Friday, October 28, 2011

NSB fires back at SLCS

NSB Press Release SLCS 10282011

Thursday, October 20, 2011

Board Prez: NFT claims of uncommitted funds are "numbers out of a hat"

NSB Press Release Uncommitted Funds 10202011

Tuesday, October 18, 2011

New round of talks scheduled

Representatives from the School Board and NFT will meet on Tuesday, November 1st at 6pm for further negotiations.

Wednesday, October 12, 2011

The $62 million ticking time bomb

As the NSB and NFT continue negotiating salary and benefits, there is one not-so-little issue that everyone better keep an eye on – The Public School Employees Retirement System, or PSERS. With the long anticipated hike in employer contribution rates almost upon us, Pennsylvania school districts are looking at rate increases from the current 8.65% up to 12.19% next year, and as high as 26.26% in the 2020/2021 school year.

Just how bad can it get for tax payers?

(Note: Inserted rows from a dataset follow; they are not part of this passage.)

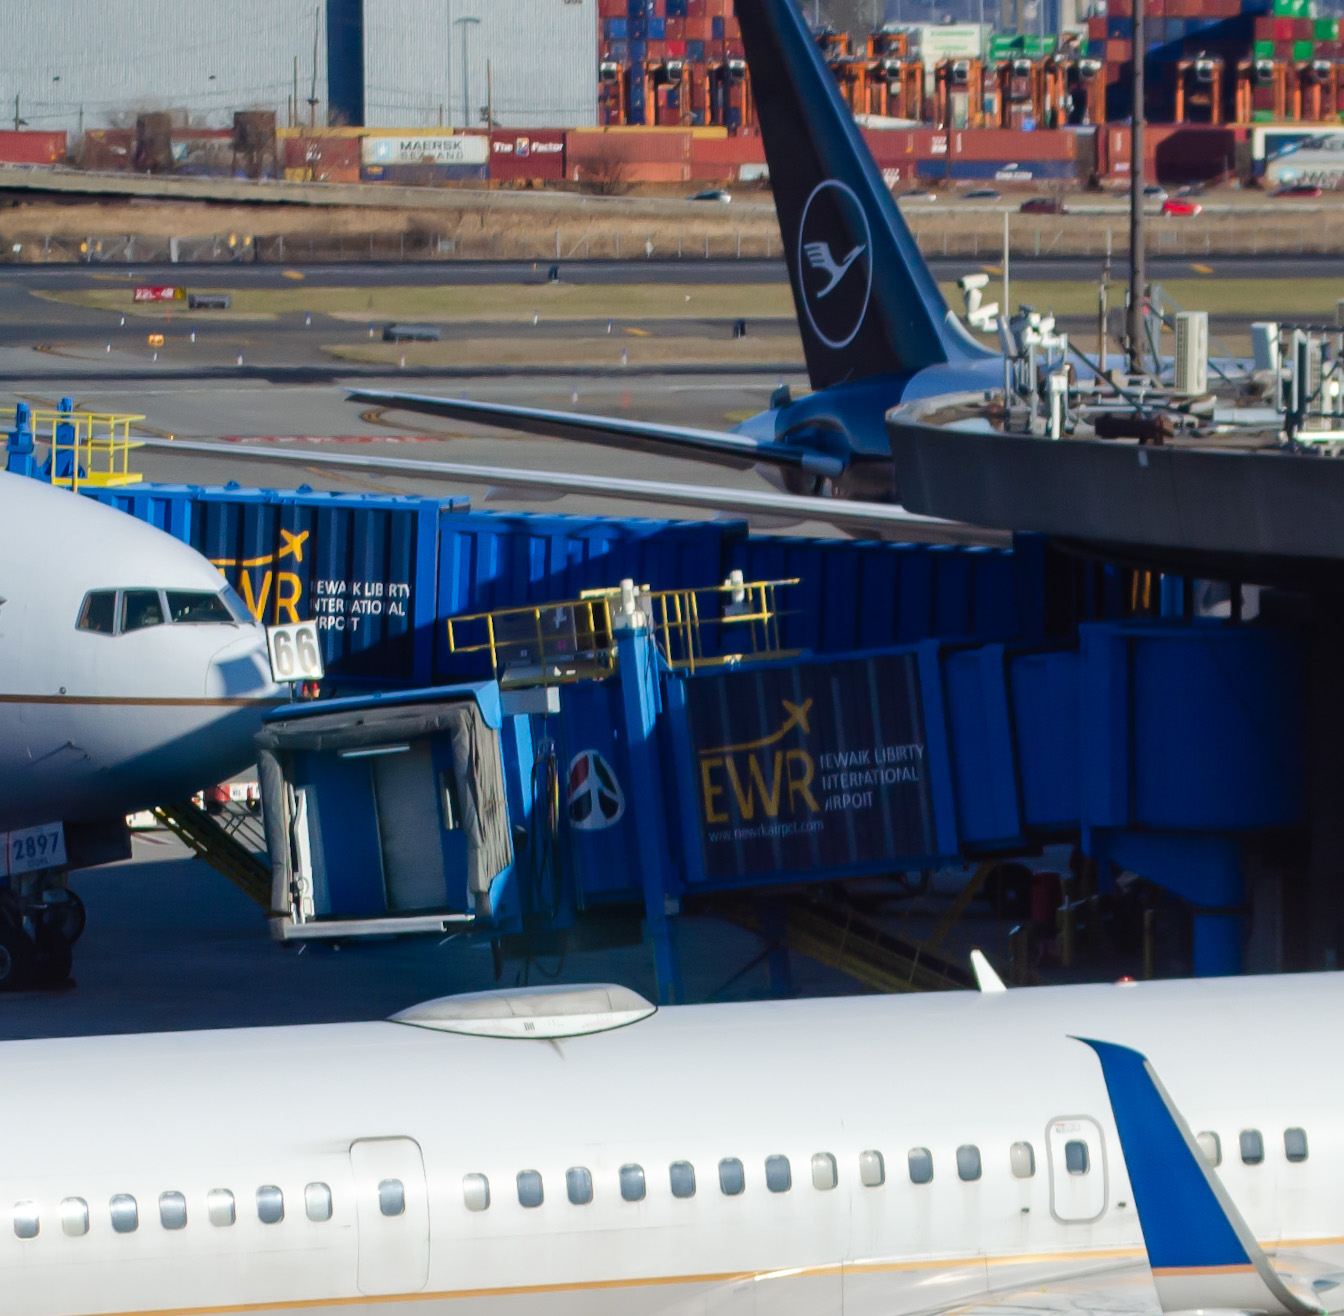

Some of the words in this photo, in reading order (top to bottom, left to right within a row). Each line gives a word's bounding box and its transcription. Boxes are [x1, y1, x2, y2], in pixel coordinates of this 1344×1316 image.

[400, 140, 463, 151] MAERSK
[494, 141, 513, 153] The
[531, 141, 563, 152] Factor
[400, 151, 464, 160] SEAAND
[364, 581, 411, 598] LIBRTY
[273, 627, 318, 676] 66
[700, 750, 821, 824] EWR
[13, 831, 60, 861] 2897

Well, if you gotta ask . . .

Our district’s annual payroll for teachers is $50,202,222. Multiplied by the current employer contribution rate of 8.65%, this means Neshaminy’s contribution for this year will be approximately $4,325,000.

Now let’s just assume teacher salaries remained exactly where they are for the following 9 school years. Even with a flat payroll in 2012/2013, the increase in the PSERS employer rate means that Neshaminy’s contribution will jump by a little under $1.8 million to $6,119,650. And it gets worse as the employer rate jumps. By the 2020/2021 school year, the 26.26% rate translates into a $13.2 million contribution, which is $8.8 million more than what we are contributing now.

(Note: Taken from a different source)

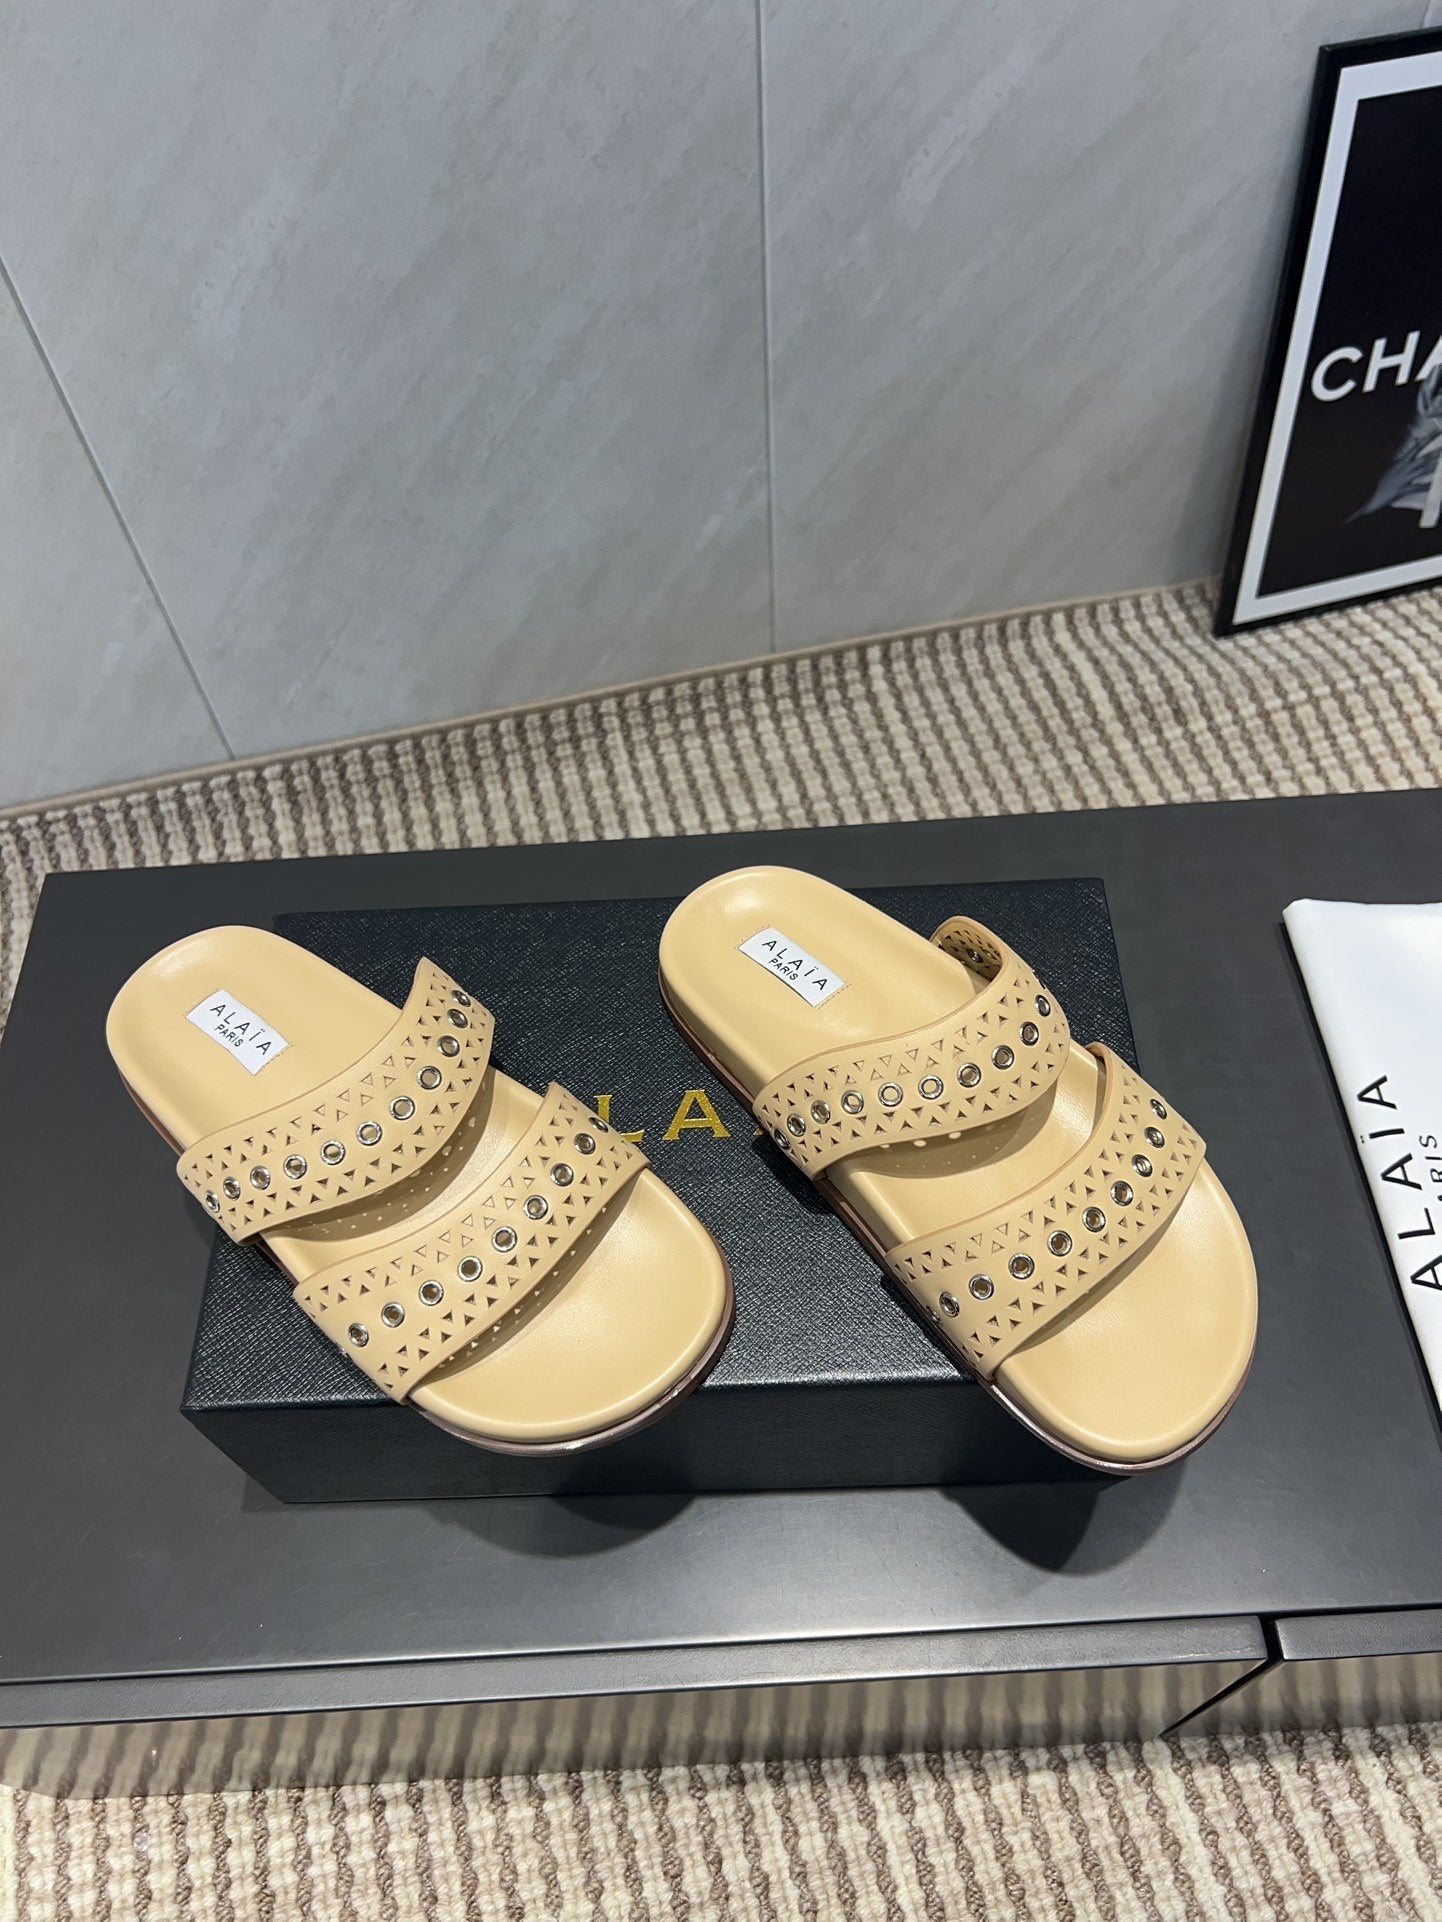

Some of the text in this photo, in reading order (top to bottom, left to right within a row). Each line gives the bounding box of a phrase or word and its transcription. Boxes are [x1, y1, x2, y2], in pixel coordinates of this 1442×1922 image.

[761, 939, 829, 991] ALAÏA
[768, 957, 799, 981] PARIS
[209, 1003, 272, 1056] ALAÏA
[214, 1023, 244, 1047] PARIS

When you add it all up, over the following 9 years Neshaminy tax payers will be fitting the bill for a staggering $62,608,994 in increased employer PSERS contributions. And that’s assuming teachers don’t get any salary hikes between now and then.

Of course we could pray that Harrisburg comes up with some magic bullet fix to PSERS without bankrupting tax payers, but we cannot plan on that. So for now, every contract offer that increases teacher salaries must also be viewed in light of its potential impact on our employer contribution.

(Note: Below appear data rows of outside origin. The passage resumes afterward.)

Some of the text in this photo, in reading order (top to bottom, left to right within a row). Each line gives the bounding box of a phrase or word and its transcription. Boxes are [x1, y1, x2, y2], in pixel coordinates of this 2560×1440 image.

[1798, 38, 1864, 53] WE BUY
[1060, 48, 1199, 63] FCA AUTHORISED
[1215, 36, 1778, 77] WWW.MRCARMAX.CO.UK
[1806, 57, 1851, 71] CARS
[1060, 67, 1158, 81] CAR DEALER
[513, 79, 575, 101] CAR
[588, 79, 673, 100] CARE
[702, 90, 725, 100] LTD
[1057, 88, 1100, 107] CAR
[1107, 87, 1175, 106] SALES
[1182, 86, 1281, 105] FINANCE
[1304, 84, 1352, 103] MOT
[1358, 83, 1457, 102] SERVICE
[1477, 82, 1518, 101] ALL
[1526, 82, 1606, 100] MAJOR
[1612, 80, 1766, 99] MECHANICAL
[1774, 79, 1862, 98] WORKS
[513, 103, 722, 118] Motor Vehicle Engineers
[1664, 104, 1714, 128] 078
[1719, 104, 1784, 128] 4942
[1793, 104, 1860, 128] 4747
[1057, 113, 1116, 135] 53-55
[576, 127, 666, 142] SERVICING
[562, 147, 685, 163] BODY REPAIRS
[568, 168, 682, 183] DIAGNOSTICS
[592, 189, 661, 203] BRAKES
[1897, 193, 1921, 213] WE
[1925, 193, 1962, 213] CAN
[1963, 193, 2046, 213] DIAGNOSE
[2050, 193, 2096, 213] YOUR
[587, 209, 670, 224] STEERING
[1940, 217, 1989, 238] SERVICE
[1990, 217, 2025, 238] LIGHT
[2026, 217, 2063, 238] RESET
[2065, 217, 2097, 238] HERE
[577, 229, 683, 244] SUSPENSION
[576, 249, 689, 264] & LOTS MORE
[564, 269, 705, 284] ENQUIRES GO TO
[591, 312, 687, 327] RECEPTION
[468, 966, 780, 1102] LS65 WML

And in the midst of all this, we still have a school district to run.


Friday, October 7, 2011

NFT claims credit for class size

Soon after Ritchie Webb's Monday clarification on class size, the NFT stepped right in to take credit by telling they were pleased to learn that the Board has taken the possibility of class size increases off of the table "following NFT leafleting and contacts with parents about the issue."

The NFT would have you believe that the pressure they applied somehow manipulated the Board into making a decision we didn't want to make, but nothing could be further from the truth. They've used far more aggressive tactics that have accomplished nothing, so it's ludicrous to believe their handing out of leaflets had anything to do with the Board's decision regarding class size.

In reality, credit for this decision rests with the Board's negotiation team and the Citizen's Advisory Panel. During their review of the collective bargaining agreement several months ago, it was agreed that nobody wanted to see an increase in class size and so this issue was removed from consideration.

Although some confusion was caused by the circulation of an incorrect version of the last offer to the NFT, it doesn't alter what the Board intended nor does it change who is responsible for the idea.

Let's give credit to where it is truly do in this case ... Thank you to the Citizen's Advisory Panel for putting the concerns of our students above of all else.

Playwickian earns award

Congratulations to the 2010-2011 Neshaminy High School Playwickian editors and staff writers for receiving the Columbia Scholastic Press Association’s Gold Medal Certificate of Excellence for High School Journalism.

The CSPA judges stated, “What a delightful read! Your coverage is fair and diverse and really covers all aspects of your school and community. Your paper is engaged in what is going on at school and around you.”

The CSPA has critiqued The Playwickian for the past 35 years and has received a Gold Medal for an outstanding 24 years.


Monday, October 3, 2011

Webb: Board won't increase class size

In an effort to clarify the Board’s position on the issue of class size, Ritchie Webb today reaffirmed that the Neshaminy School Board has no intentions of increasing elementary or secondary school class sizes as outlined in the last teachers' contract. The only change sought by the board concerns adoption of the State Board/Department of Education recommendations as they relate to special education case loads.

Webb said, “at the very next issuance of a Board contract proposal to the Neshaminy Federation of Teachers, we will include clear language that will put aside any concerns the public may have regarding elementary or secondary school class sizes.”

Webb added that he hopes this clarification will bring an end to those people trying to exploit the issue in an effort to draw attention away from the many key outstanding issues which are part of the current negotiations with the NFT.